Dans les années 1930, le droit constitutionnel n’accordait pas l’égalité aux femmes. Elles pouvaient tout à fait légalement être exclues des jurys, avoir des horaires de travail différents et être moins payées que les hommes et risquaient parfois la prison quand elles avaient recours à la contraception. Il faudra attendre encore quarante ans avant que la Cour suprême n’interdise ne serait-ce qu’une seule loi discriminante à l’égard des femmes. Les juges Kavanaugh et Gorsuch –encore une fois, tous les deux recommandés par Leo– ont récemment contesté le blocage temporaire par la Cour suprême d’une loi de Louisiane qui aurait laissé, dans tout l’État, un seul et unique médecin en capacité de pratiquer des IVG.

Les pauvres sur la sellette

Dans la première moitié du XXe siècle, la police avait le droit d’obtenir des confessions des personnes arrêtées par la violence. Les prévenu·es pauvres ne pouvaient pas demander un avocat. Il était possible d’obtenir des preuves illégalement et de les utiliser dans le cadre des poursuites. En 1944, la Caroline du Sud exécuta un adolescent noir de 14 ans, George Stinney, pour le meurtre de deux fillettes blanches.
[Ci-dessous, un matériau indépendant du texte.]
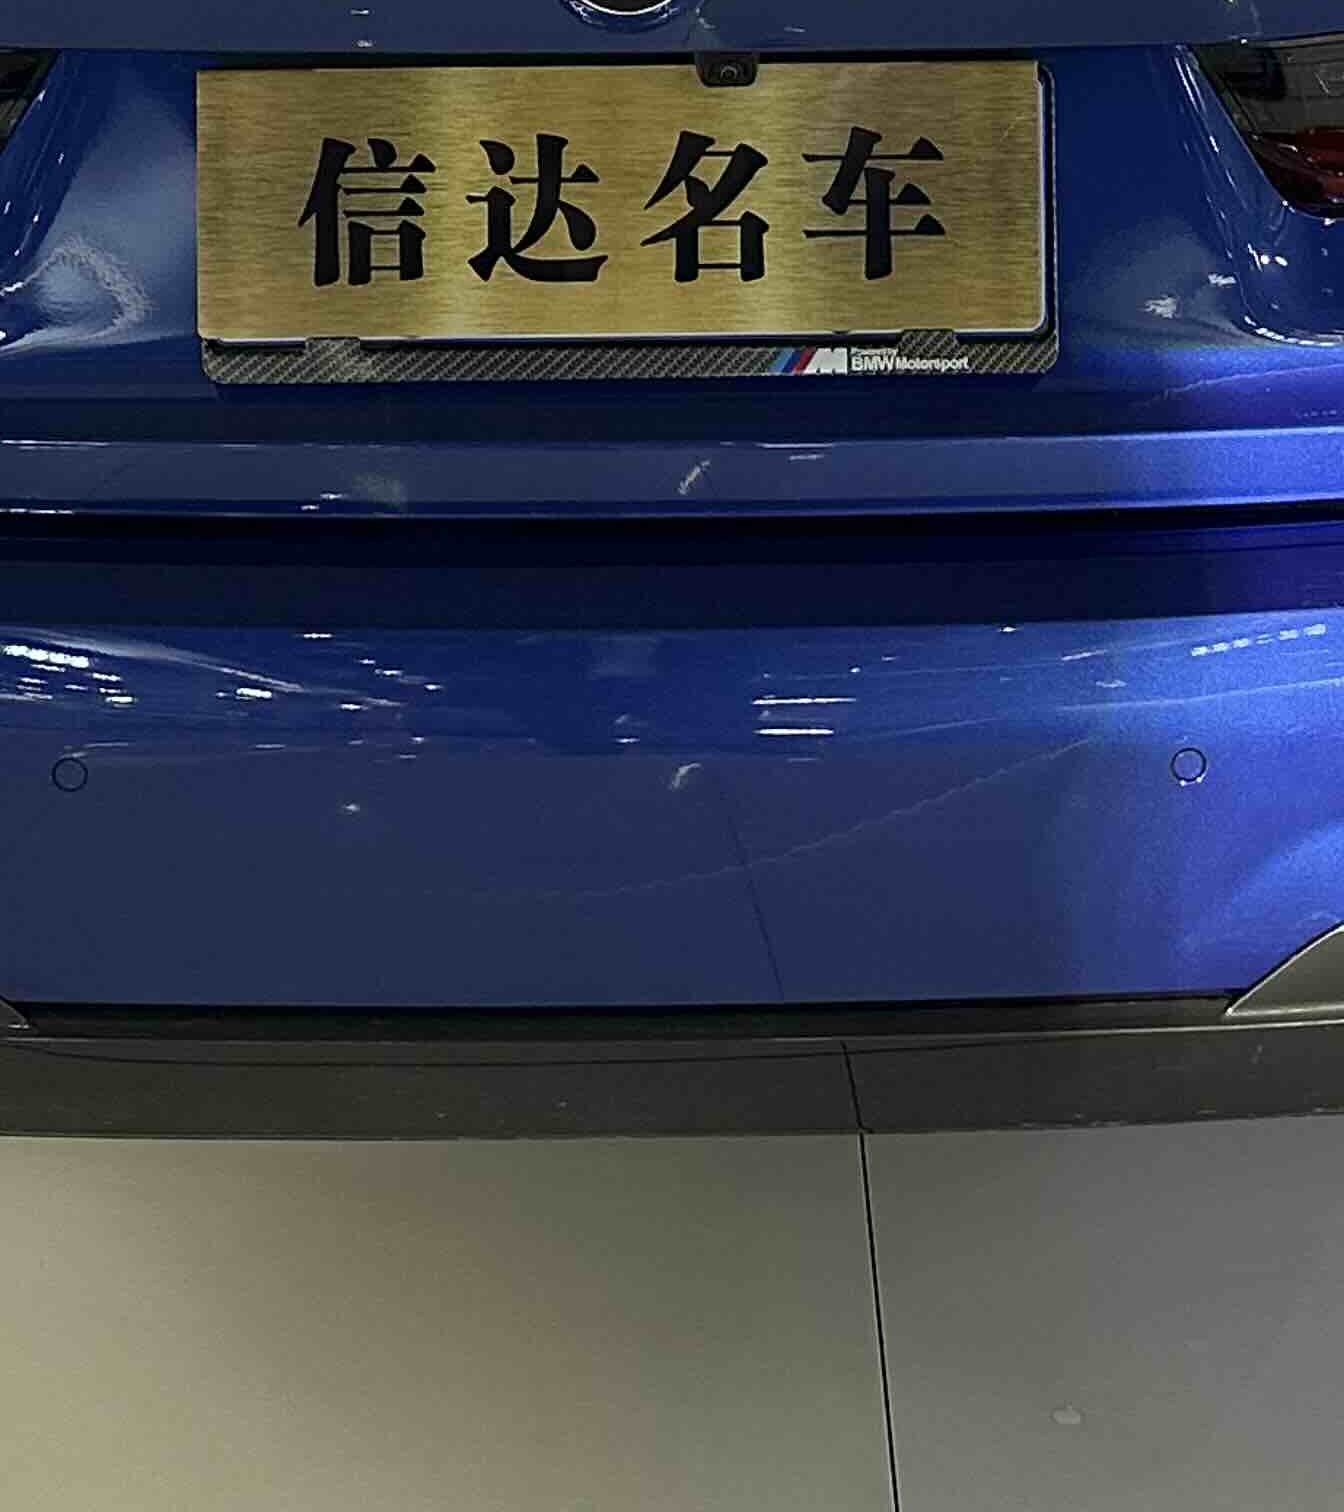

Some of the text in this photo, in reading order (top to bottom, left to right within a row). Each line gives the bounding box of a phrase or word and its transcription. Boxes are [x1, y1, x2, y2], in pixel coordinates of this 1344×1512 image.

Il fut interrogé seul, sans ses parents et sans avocat, et reconnu coupable par un jury uniquement composé de personnes blanches à l’issue d’un procès de deux heures et de dix minutes de délibérations. Il n’eut pas le droit de faire appel. Il fallut le faire asseoir sur des livres pour pouvoir lui poser le masque de la chaise électrique.

Ce n’est qu’en 2014, soixante-dix ans trop tard, qu’une juge a annulé la reconnaissance de culpabilité pour meurtre du gamin de 14 ans. L’affaire Stinney vous révèle tout ce que vous avez besoin de savoir sur la justice pénale de l’époque à laquelle Leonard Leo aspire à revenir.

Dans les années 1930, on pouvait s'attendre à mourir rapidement et dans la douleur.

Les années 1930 furent évidemment la décennie de la Grande dépression, où le taux de chômage atteignit 25% et la majorité de la population américaine vivait dans la pauvreté. Les décisions de la Cour suprême post-New Deal que Leonard Leo voudrait rejeter sont celles qui ont donné au gouvernement le pouvoir de promulguer des lois sur le salaire minimum, de créer une assurance chômage et la sécurité sociale, de fournir une assurance santé aux personnes âgées et sans moyens et de donner aux salarié·es le droit de négocier collectivement.

Dans les années 1930, les personnes qui étaient trop vieilles pour travailler et trop pauvres pour s’en dispenser pouvaient bien souvent s'attendre à mourir rapidement et dans la douleur. Voilà ce que représente le coût humain d’un «gouvernement limité».

Si c’est la ville scintillante à flanc de colline de Reagan que le peuple américain recherche, ce n’est pas dans le passé désormais lointain de l’Amérique qu'il la trouvera.

En tout cas, pas la majorité. Et si c’est ça que promet Leonard Leo, on ne peut qu’espérer qu’elle ne fera pas partie de l’avenir des États-Unis.